◆ **Description of the task**:
In this exercise, set down every entry that follows exactly as it appears.

Phrase grounding data:
※

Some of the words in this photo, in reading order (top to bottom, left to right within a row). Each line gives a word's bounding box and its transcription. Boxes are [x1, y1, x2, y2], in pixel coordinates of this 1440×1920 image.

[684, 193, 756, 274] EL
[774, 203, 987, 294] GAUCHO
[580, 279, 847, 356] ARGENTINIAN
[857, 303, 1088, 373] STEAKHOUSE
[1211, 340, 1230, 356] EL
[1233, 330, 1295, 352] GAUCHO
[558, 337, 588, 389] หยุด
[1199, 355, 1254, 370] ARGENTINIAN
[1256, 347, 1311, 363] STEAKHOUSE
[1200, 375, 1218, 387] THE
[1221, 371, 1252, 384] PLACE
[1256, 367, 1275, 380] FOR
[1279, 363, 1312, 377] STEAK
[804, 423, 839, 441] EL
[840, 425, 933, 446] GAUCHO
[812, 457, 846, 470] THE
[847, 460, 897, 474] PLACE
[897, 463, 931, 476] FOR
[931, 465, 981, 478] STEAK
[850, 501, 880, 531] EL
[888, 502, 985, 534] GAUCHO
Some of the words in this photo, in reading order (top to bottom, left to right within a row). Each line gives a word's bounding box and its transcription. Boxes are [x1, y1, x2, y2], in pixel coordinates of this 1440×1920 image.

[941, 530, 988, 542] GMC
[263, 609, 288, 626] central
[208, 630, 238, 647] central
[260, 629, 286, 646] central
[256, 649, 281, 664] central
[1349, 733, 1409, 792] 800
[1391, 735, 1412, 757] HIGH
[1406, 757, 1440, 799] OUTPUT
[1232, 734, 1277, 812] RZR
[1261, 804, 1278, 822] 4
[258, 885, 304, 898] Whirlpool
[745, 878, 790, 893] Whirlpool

※

◆ **Answer to the problem**:
Some of the words in this photo, in reading order (top to bottom, left to right within a row). Each line gives a word's bounding box and its transcription. Boxes are [x1, y1, x2, y2], in pixel coordinates of this 1440×1920 image.

[684, 193, 756, 274] EL
[774, 203, 987, 294] GAUCHO
[580, 279, 847, 356] ARGENTINIAN
[857, 303, 1088, 373] STEAKHOUSE
[1211, 340, 1230, 356] EL
[1233, 330, 1295, 352] GAUCHO
[558, 337, 588, 389] หยุด
[1199, 355, 1254, 370] ARGENTINIAN
[1256, 347, 1311, 363] STEAKHOUSE
[1200, 375, 1218, 387] THE
[1221, 371, 1252, 384] PLACE
[1256, 367, 1275, 380] FOR
[1279, 363, 1312, 377] STEAK
[804, 423, 839, 441] EL
[840, 425, 933, 446] GAUCHO
[812, 457, 846, 470] THE
[847, 460, 897, 474] PLACE
[897, 463, 931, 476] FOR
[931, 465, 981, 478] STEAK
[850, 501, 880, 531] EL
[888, 502, 985, 534] GAUCHO
Some of the words in this photo, in reading order (top to bottom, left to right within a row). Each line gives a word's bounding box and its transcription. Boxes are [x1, y1, x2, y2], in pixel coordinates of this 1440×1920 image.

[941, 530, 988, 542] GMC
[263, 609, 288, 626] central
[208, 630, 238, 647] central
[260, 629, 286, 646] central
[256, 649, 281, 664] central
[1349, 733, 1409, 792] 800
[1391, 735, 1412, 757] HIGH
[1406, 757, 1440, 799] OUTPUT
[1232, 734, 1277, 812] RZR
[1261, 804, 1278, 822] 4
[258, 885, 304, 898] Whirlpool
[745, 878, 790, 893] Whirlpool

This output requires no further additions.